**Task statement**:
Your task is to repeat the entries word for word while leaving out the pictures.

**Records**:
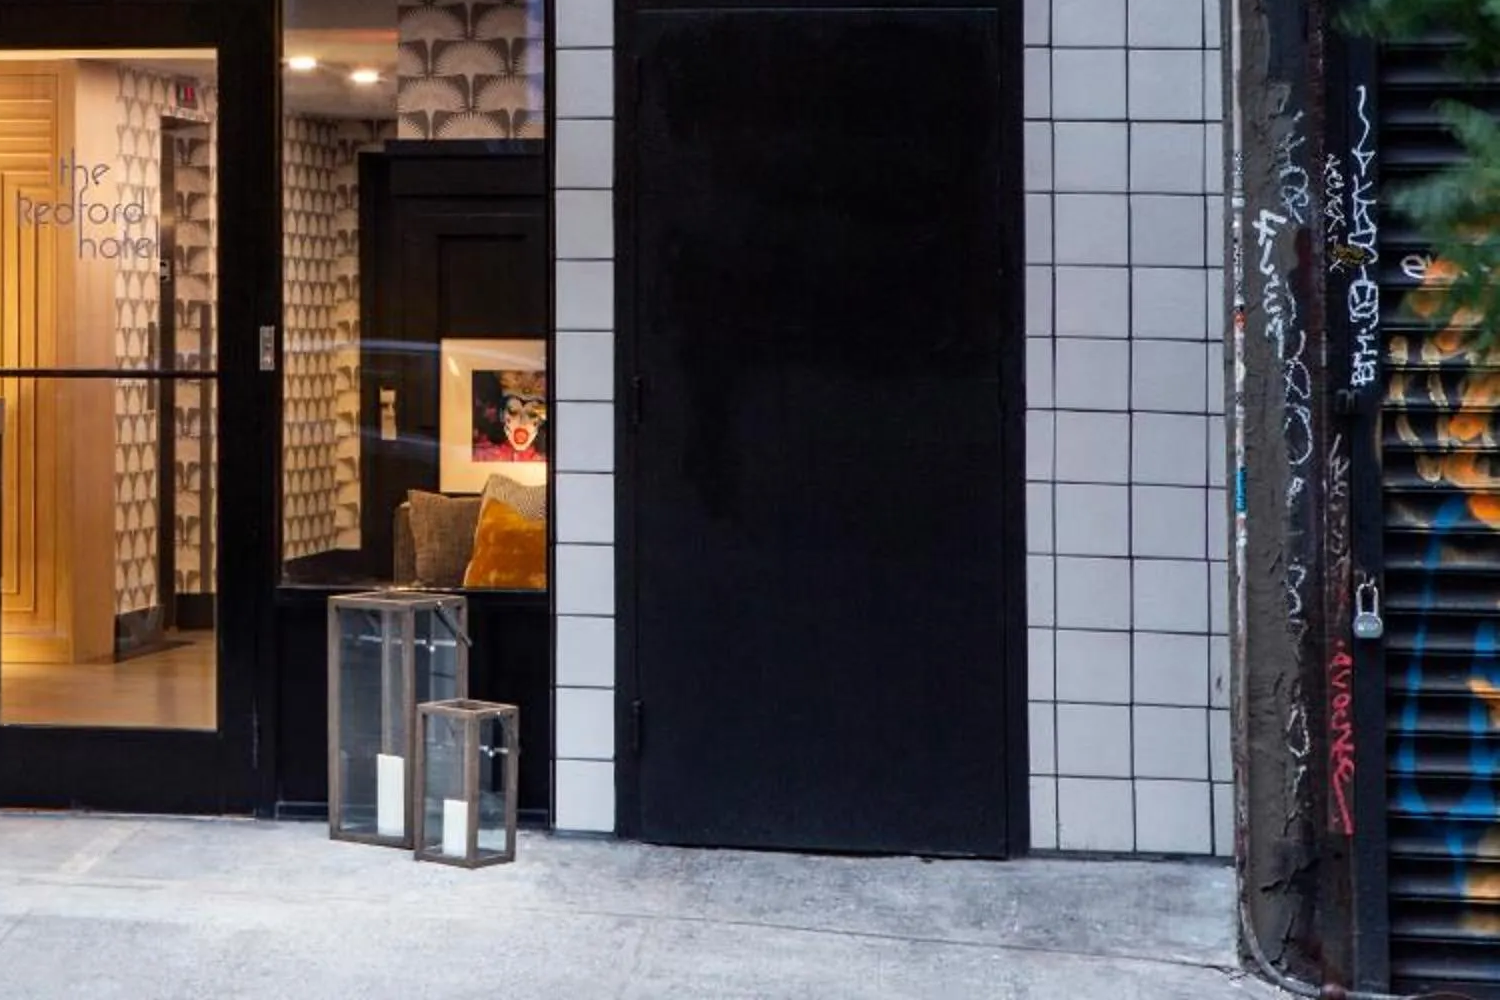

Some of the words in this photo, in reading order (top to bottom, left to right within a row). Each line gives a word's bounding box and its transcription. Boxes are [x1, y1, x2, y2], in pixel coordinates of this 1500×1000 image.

[59, 148, 111, 187] the
[17, 190, 146, 225] Redford
[78, 216, 160, 260] hotel
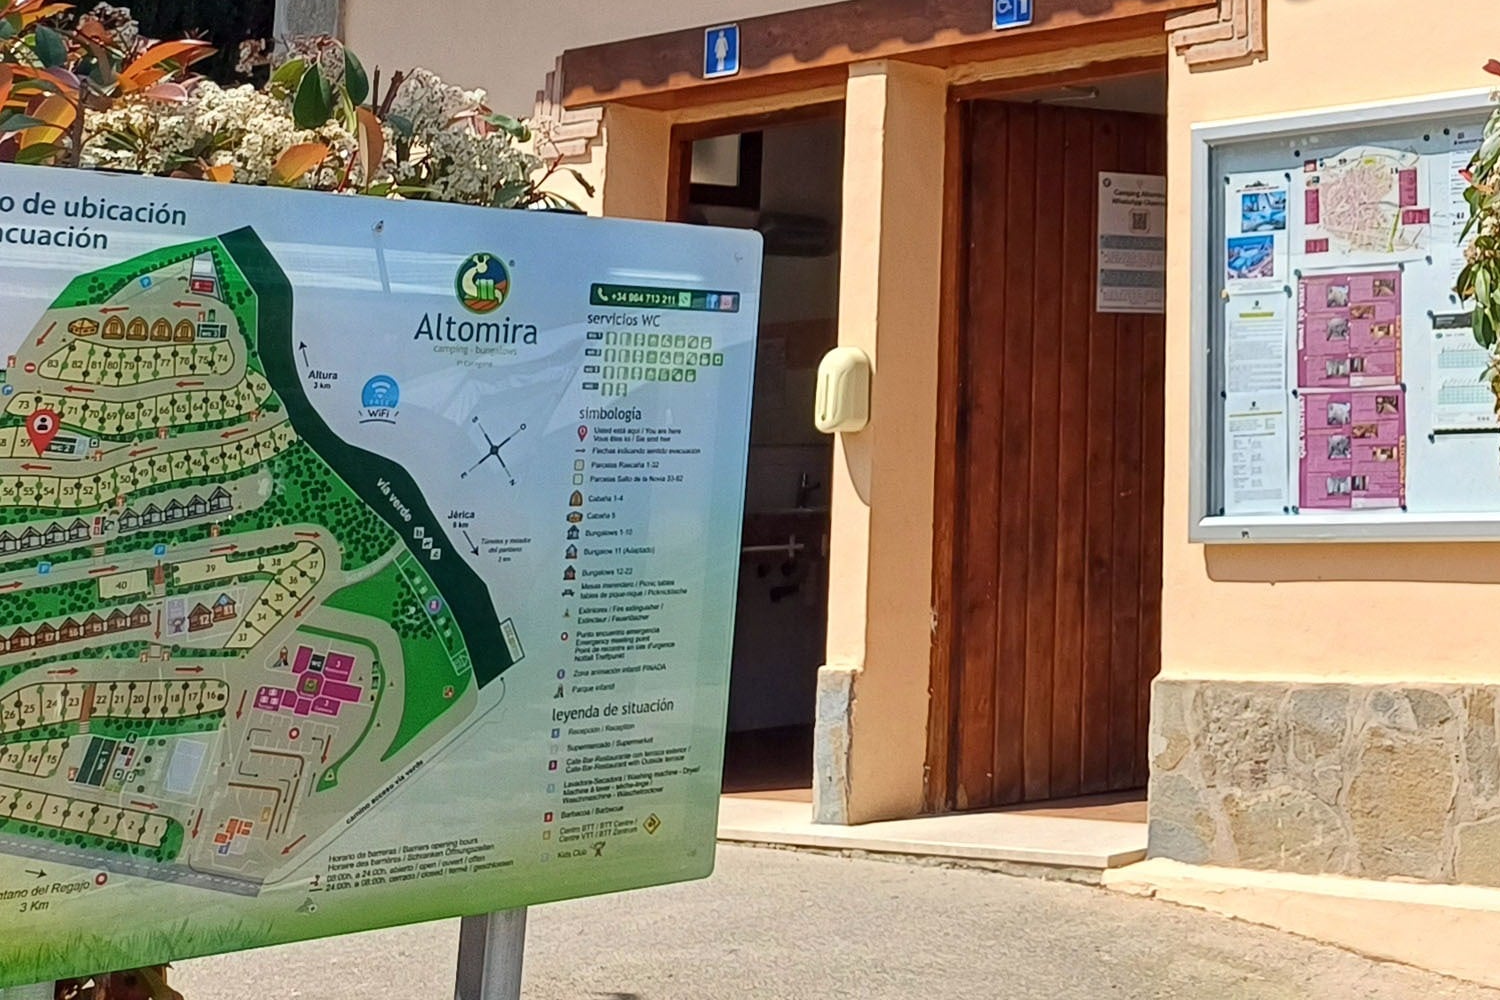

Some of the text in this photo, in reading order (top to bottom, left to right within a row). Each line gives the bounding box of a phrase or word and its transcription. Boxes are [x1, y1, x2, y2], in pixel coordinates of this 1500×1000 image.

[22, 192, 56, 216] de
[64, 196, 187, 226] ubicación
[0, 226, 108, 250] cuación
[587, 313, 661, 327] servicios WC
[413, 311, 538, 345] Altomira
[308, 370, 338, 380] Altura
[368, 409, 390, 418] WiFi
[579, 406, 642, 423] simbología
[389, 493, 413, 522] verde
[448, 510, 475, 519] Jérica
[272, 558, 281, 567] 38
[309, 560, 318, 569] 37
[206, 564, 215, 573] 39
[289, 576, 298, 585] 36
[115, 581, 127, 590] 40
[274, 593, 283, 602] 35
[257, 613, 266, 622] 34
[238, 634, 247, 642] 33
[96, 696, 107, 704] 22
[115, 695, 124, 703] 21
[133, 695, 143, 704] 20
[153, 695, 163, 703] 19
[171, 694, 180, 703] 18
[188, 692, 197, 701] 17
[206, 691, 216, 700] 16
[46, 700, 57, 709] 24
[69, 698, 79, 707] 23
[24, 704, 35, 713] 25
[552, 698, 674, 723] leyenda de situación
[4, 710, 15, 719] 26
[31, 884, 49, 896] del
[51, 880, 90, 895] Regajo
[19, 901, 49, 912] 3 Km
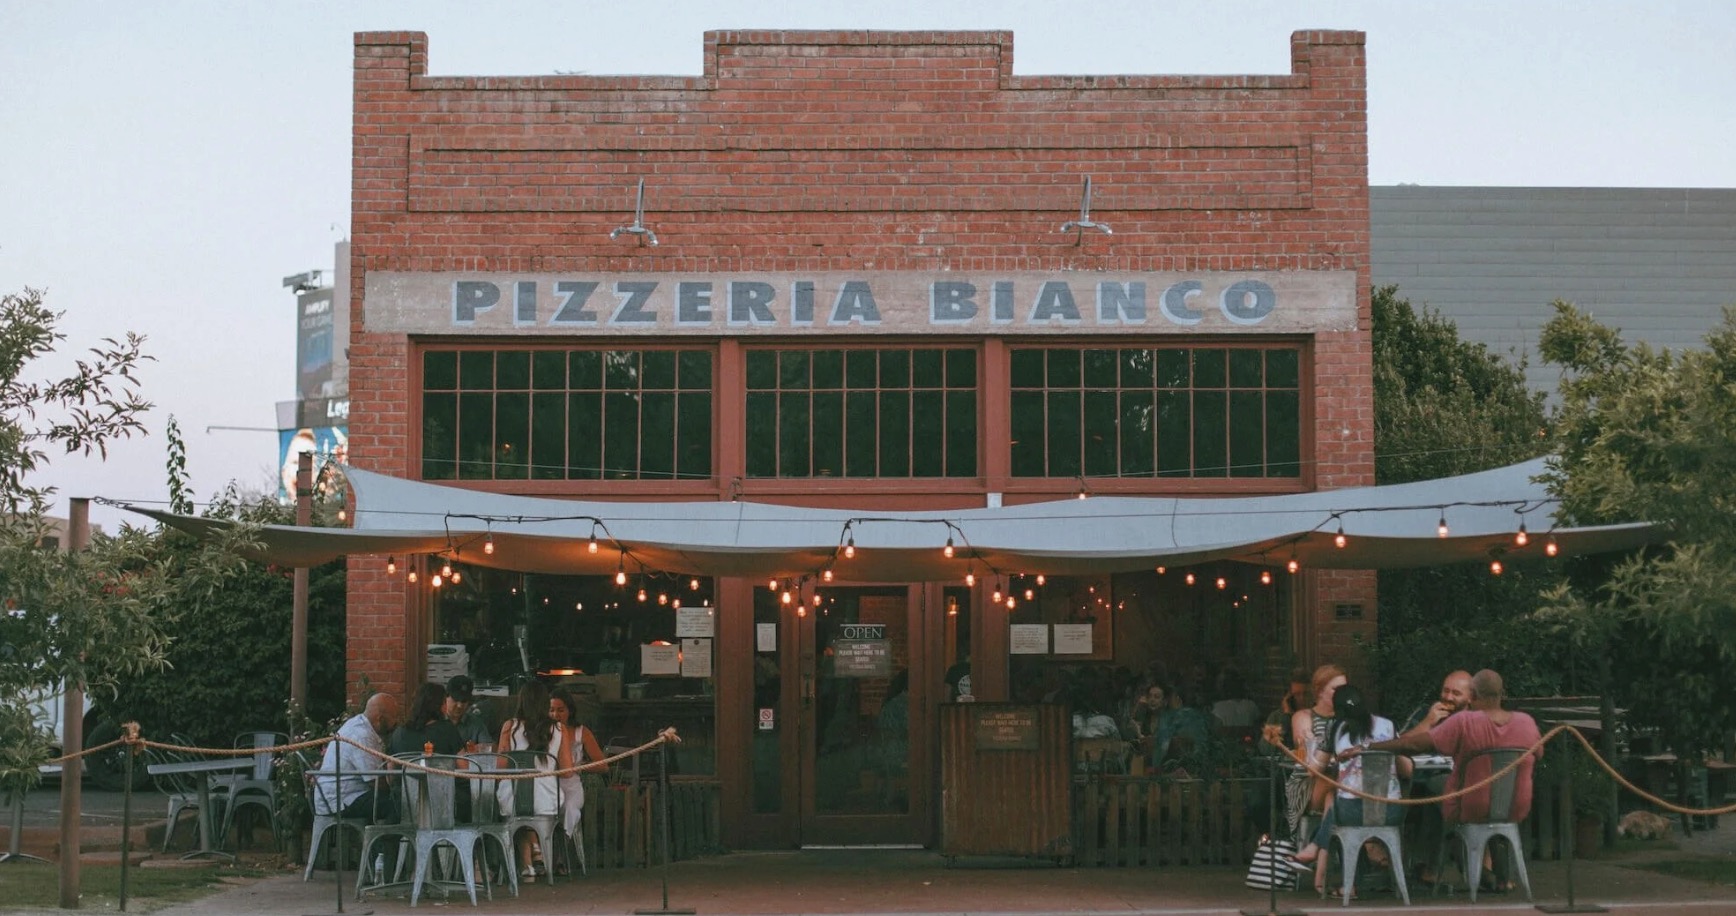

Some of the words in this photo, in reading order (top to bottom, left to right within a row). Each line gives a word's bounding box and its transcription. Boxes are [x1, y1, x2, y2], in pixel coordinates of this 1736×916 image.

**Solved problem**:
Some of the words in this photo, in reading order (top to bottom, left to right within a row). Each line gives a word's bounding box and its transcription. Boxes are [x1, y1, x2, y2], in pixel coordinates of this 1500×1000 image.

[59, 148, 111, 187] the
[17, 190, 146, 225] Redford
[78, 216, 160, 260] hotel

Some of the text in this photo, in reading order (top to bottom, left to right within a row). Each line gives the bounding box of a phrase or word and its transcription. Boxes are [x1, y1, x2, y2], in pixel coordinates of this 1500×1000 image.

[22, 192, 56, 216] de
[64, 196, 187, 226] ubicación
[0, 226, 108, 250] cuación
[587, 313, 661, 327] servicios WC
[413, 311, 538, 345] Altomira
[308, 370, 338, 380] Altura
[368, 409, 390, 418] WiFi
[579, 406, 642, 423] simbología
[389, 493, 413, 522] verde
[448, 510, 475, 519] Jérica
[272, 558, 281, 567] 38
[309, 560, 318, 569] 37
[206, 564, 215, 573] 39
[289, 576, 298, 585] 36
[115, 581, 127, 590] 40
[274, 593, 283, 602] 35
[257, 613, 266, 622] 34
[238, 634, 247, 642] 33
[96, 696, 107, 704] 22
[115, 695, 124, 703] 21
[133, 695, 143, 704] 20
[153, 695, 163, 703] 19
[171, 694, 180, 703] 18
[188, 692, 197, 701] 17
[206, 691, 216, 700] 16
[46, 700, 57, 709] 24
[69, 698, 79, 707] 23
[24, 704, 35, 713] 25
[552, 698, 674, 723] leyenda de situación
[4, 710, 15, 719] 26
[31, 884, 49, 896] del
[51, 880, 90, 895] Regajo
[19, 901, 49, 912] 3 Km

Some of the words in this photo, in reading order (top to bottom, left to right within a row). Each line gives a word's bounding box and its transcription. Boxes are [x1, y1, x2, y2], in pixel coordinates of this 1736×916 image.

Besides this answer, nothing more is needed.